For more complex models (Weibull, relaxed masking conditions), we compute Fisher information numerically via observed information:
$$\hat{I}(\hat{\theta}) = -\frac{\partial^2 \ell}{\partial \theta \partial \theta^T}\bigg|_{\theta=\hat{\theta}}$$Design Principles
Separation of concerns. The likelihood specification (likelihood.model) is independent of the fitting algorithm (numerical.mle) and the result type (algebraic.mle). You can swap optimizers without changing downstream code.
algebraic.dist: Distributions as Algebraic Objects in R
February 1, 2021
Most statistical software treats probability distributions as parameter sets you pass to sampling or density functions. algebraic.dist takes a different approach. Distributions are algebraic objects that compose, transform, and combine through standard mathematical operations.
The Idea
Instead of this:
x <- rnorm(1000, mean=5, sd=2)
y <- rnorm(1000, mean=3, sd=1)
z <- x + y # Just numeric vectors
You write:
X <- Normal(mean=5, sd=2)
Y <- Normal(mean=3, sd=1)
Z <- X + Y # A new distribution object!
sample(Z, 1000)
The sum Z knows it is Normal(mean=8, sd=sqrt(5)) because the algebra works it out. You never lost the distributional structure.
Why It Matters
When you add two normal distributions numerically, you get samples from the sum. But you lose the distribution. With algebraic.dist, the result is still a distribution object with proper parameters and you can keep composing.
You can build complex distributional expressions and simplify them algebraically before ever drawing a sample:
portfolio <- 0.6*StockA + 0.4*StockB
risk <- sd(portfolio) # Computed symbolically
For distributions with known closed-form algebra (normal, exponential, certain mixtures), you do not need simulation. You just compute the exact answer. Monte Carlo without the Monte Carlo.
Composition
This is functional programming applied to probability theory. Distributions become composable building blocks:
- Mixture models:
0.3*Normal(0,1) + 0.7*Normal(5,2) - Transformed distributions:
exp(Normal(0,1))is lognormal - Conditional distributions:
X | (X > 0)for truncation
The idea is that computation should mirror mathematical structure. If the math says you can add two normals and get a normal, the code should do the same thing and give you a normal back, not a vector of samples.

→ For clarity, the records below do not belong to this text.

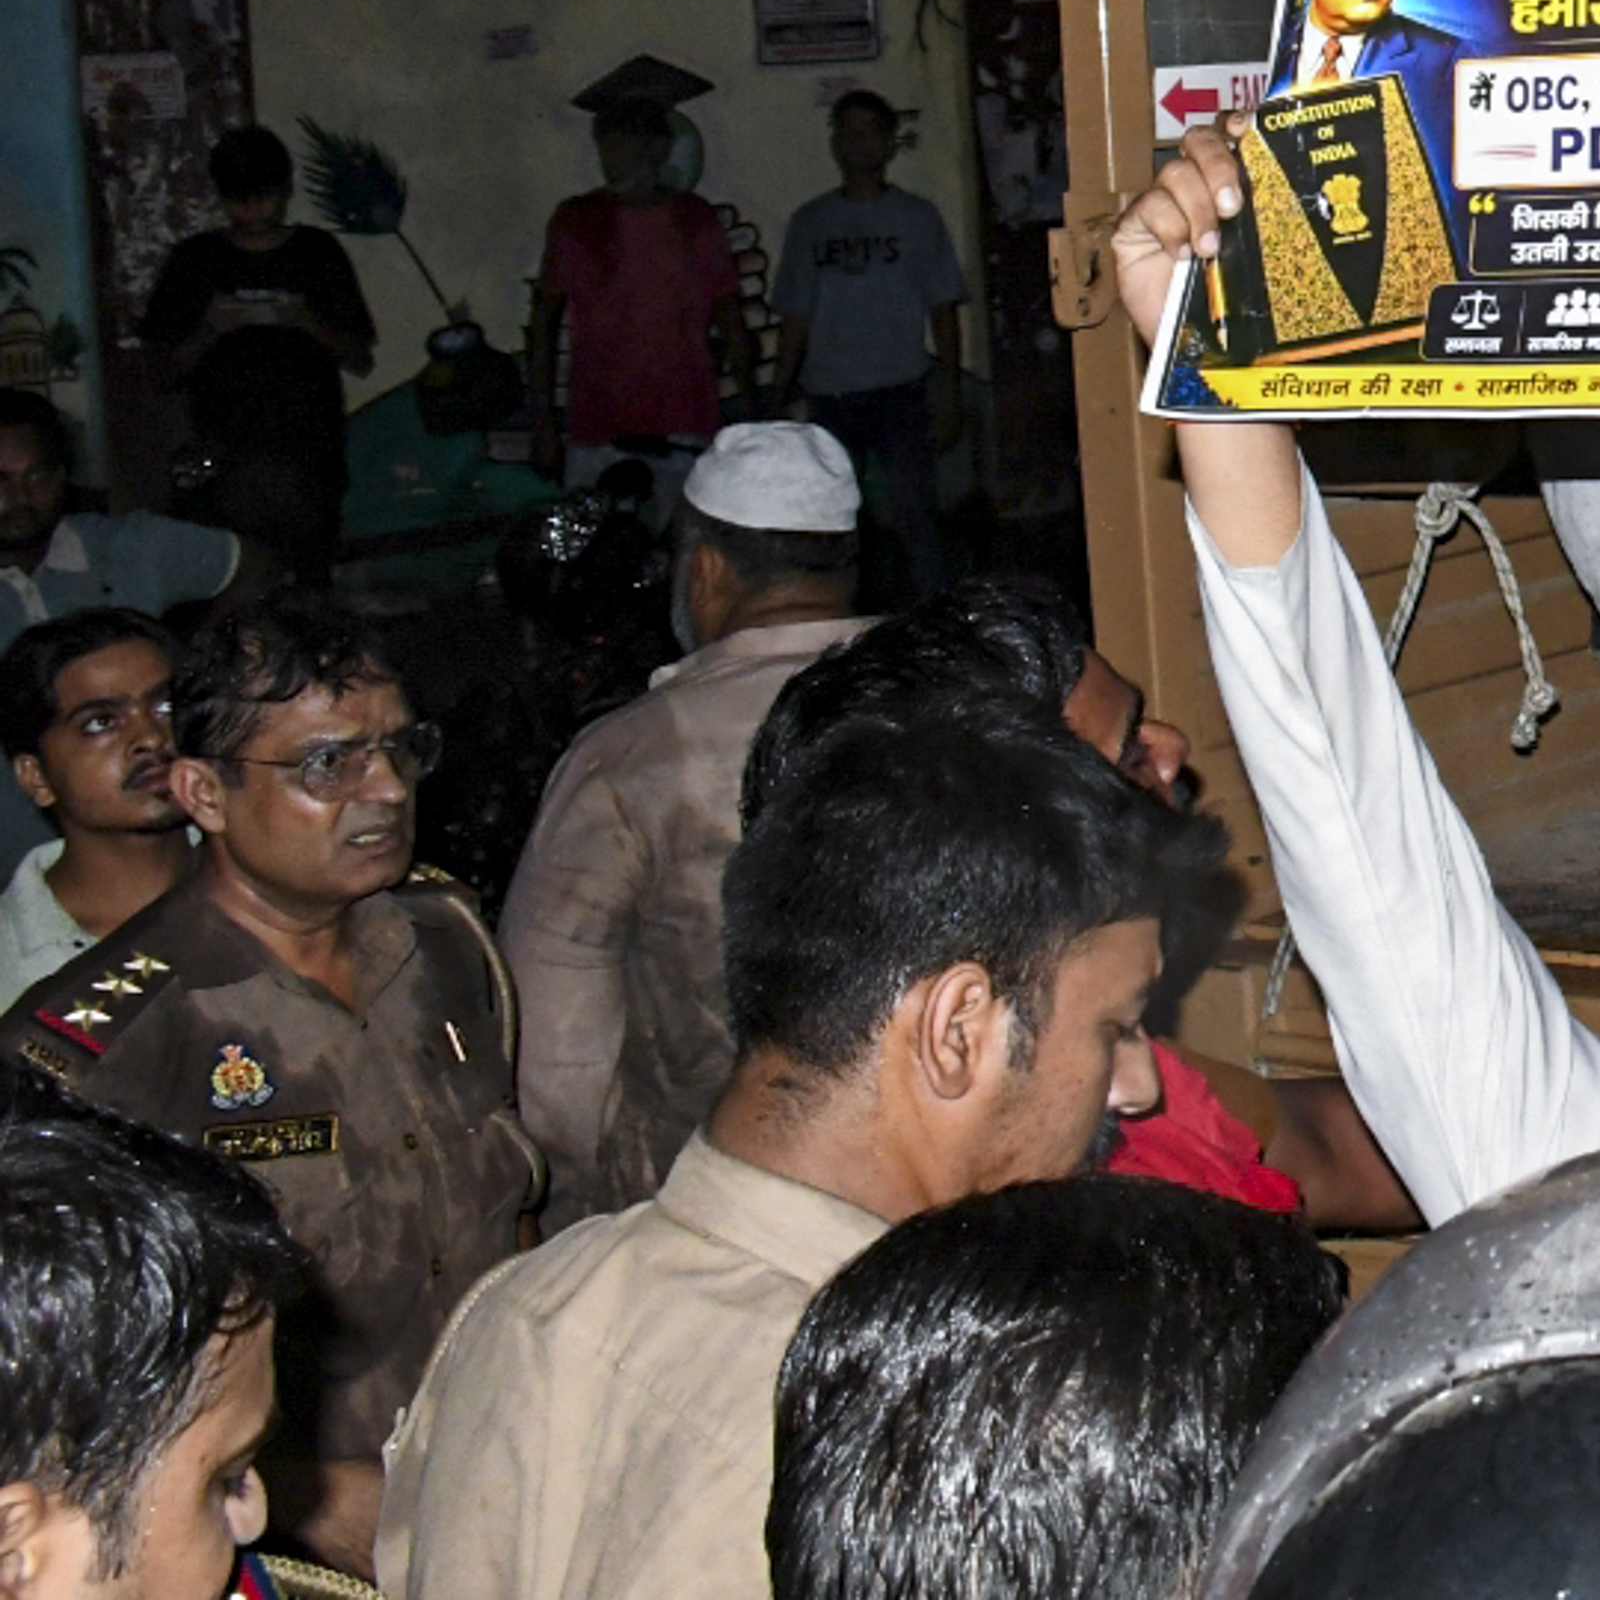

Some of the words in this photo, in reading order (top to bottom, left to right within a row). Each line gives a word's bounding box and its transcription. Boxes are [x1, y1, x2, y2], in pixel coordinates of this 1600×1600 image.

[1469, 73, 1497, 111] मैं
[1506, 76, 1590, 114] OBC,
[1264, 94, 1376, 131] CONSTITUTION
[1317, 124, 1335, 140] OF
[1309, 142, 1358, 165] INDIA
[1511, 201, 1590, 231] जिसकी
[1510, 233, 1569, 264] उतनी
[1261, 373, 1350, 397] संविधान
[1360, 373, 1392, 396] की
[1401, 378, 1442, 396] रक्षा
[1477, 372, 1577, 396] सामाजिक

This connects to a broader theme in my work. Just as my oblivious computing research uses type theory to enforce privacy invariants, algebraic.dist uses algebraic types to enforce distributional invariants. The algebra tells you what operations are valid and what the results mean.
Implementation
- Language: R
- Type system: S3 classes with method dispatch for operations
- Closed-form operations: Normal, exponential, gamma families
- Fallback: Monte Carlo for compositions without closed forms
- Repository: github.com/queelius/algebraic.dist
Related Packages
- algebraic.mle: Maximum likelihood estimation with algebraic specification
- numerical.mle: Numerical optimization for MLE when closed forms do not exist
- likelihood.model: Likelihood-based inference with compositional model building
Most statistical software is imperative. You tell it what to do step by step. algebraic.dist is declarative. You describe the distributional relationships and the computer figures out what to compute. Small composable pieces that do one thing well: preserve distributional structure through transformations.